1.Was die IW-Studie konkret zeigt
Das IW hat durchgerechnet, was aus dem eingesetzten Eigenkapital wird, wenn eine Wohnung für rund 300.000 Euro gekauft und 15 Jahre gehalten wird – einmal zur Selbstnutzung, einmal zur Vermietung. Das Ergebnis: In den sieben größten deutschen Städten (Berlin, Hamburg, München, Köln, Frankfurt, Stuttgart, Düsseldorf) steht der Vermieter am Ende um bis zu 87.000 Euro besser da als der Selbstnutzer derselben Wohnung. Im Umland der Metropolen sind es rund 52.500 Euro, in anderen Großstädten etwa 42.000 Euro, in den übrigen Landkreisen um die 45.000 Euro. Der Vorteil ist also kein Großstadtphänomen – er zieht sich durchs ganze Land.

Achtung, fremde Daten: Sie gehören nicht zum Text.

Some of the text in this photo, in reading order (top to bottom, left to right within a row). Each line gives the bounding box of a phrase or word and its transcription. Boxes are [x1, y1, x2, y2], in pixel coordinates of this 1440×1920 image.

2.Deutschland gegen den Rest Europas
Richtig bemerkenswert wird es im Ländervergleich der jährlichen Eigenkapitalrenditen:
| Land | Rendite Vermietung | Rendite Selbstnutzung | Wen begünstigt das System? |
|---|---|---|---|
| Deutschland | 7,1 % | 5,0 % | Vermieter |
| Österreich | 6,8 % | 7,8 % | Selbstnutzer |
| Frankreich | 5,7 % | 7,8 % | Selbstnutzer |
| Belgien | 4,8 % | 8,5 % | Selbstnutzer |
| Dänemark | 4,4 % | 6,1 % | Selbstnutzer |
| Niederlande | 2,3 % | 11,7 % | Selbstnutzer |
| Irland | 2,0 % | 9,7 % | Selbstnutzer |
Eigenkapitalrenditen in % pro Jahr nach Art der Nutzung; Quelle: Institut der deutschen Wirtschaft (IW).

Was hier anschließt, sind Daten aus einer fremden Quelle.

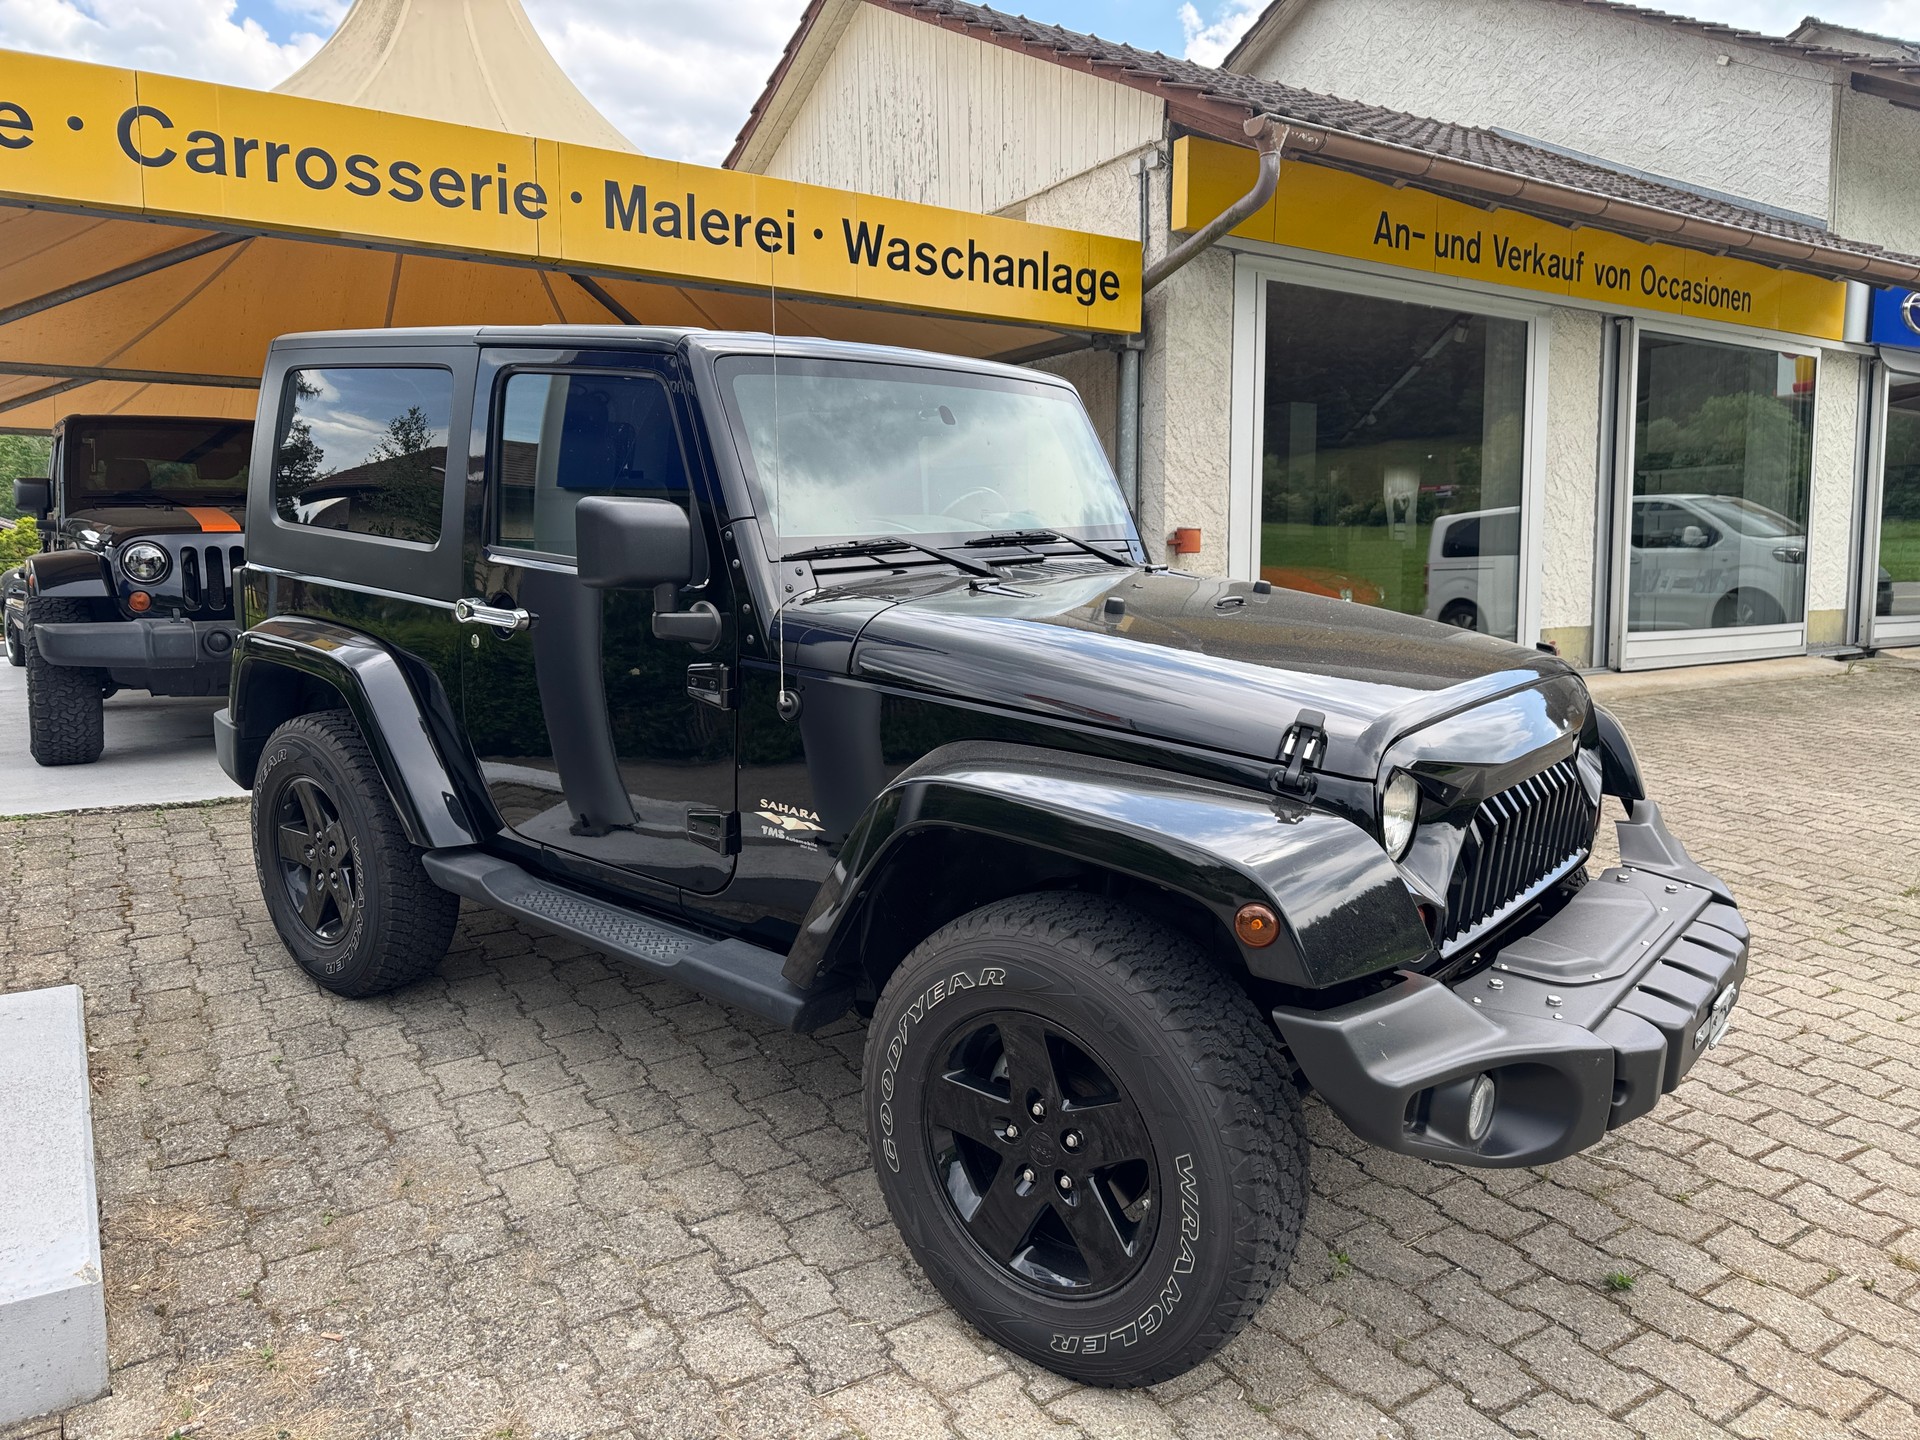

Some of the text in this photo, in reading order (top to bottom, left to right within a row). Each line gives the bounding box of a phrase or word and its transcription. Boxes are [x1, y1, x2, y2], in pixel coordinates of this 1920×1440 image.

In allen sechs Vergleichsländern rentiert das Eigenheim besser als die vermietete Wohnung – in den Niederlanden und Irland sogar um ein Mehrfaches. Nur Deutschland dreht das Verhältnis um. Und das passt exakt zum Befund bei den Eigentumsquoten: Mit rund 44 % hat Deutschland eine der niedrigsten Wohneigentumsquoten der EU – der EU-Schnitt liegt bei etwa 70 %.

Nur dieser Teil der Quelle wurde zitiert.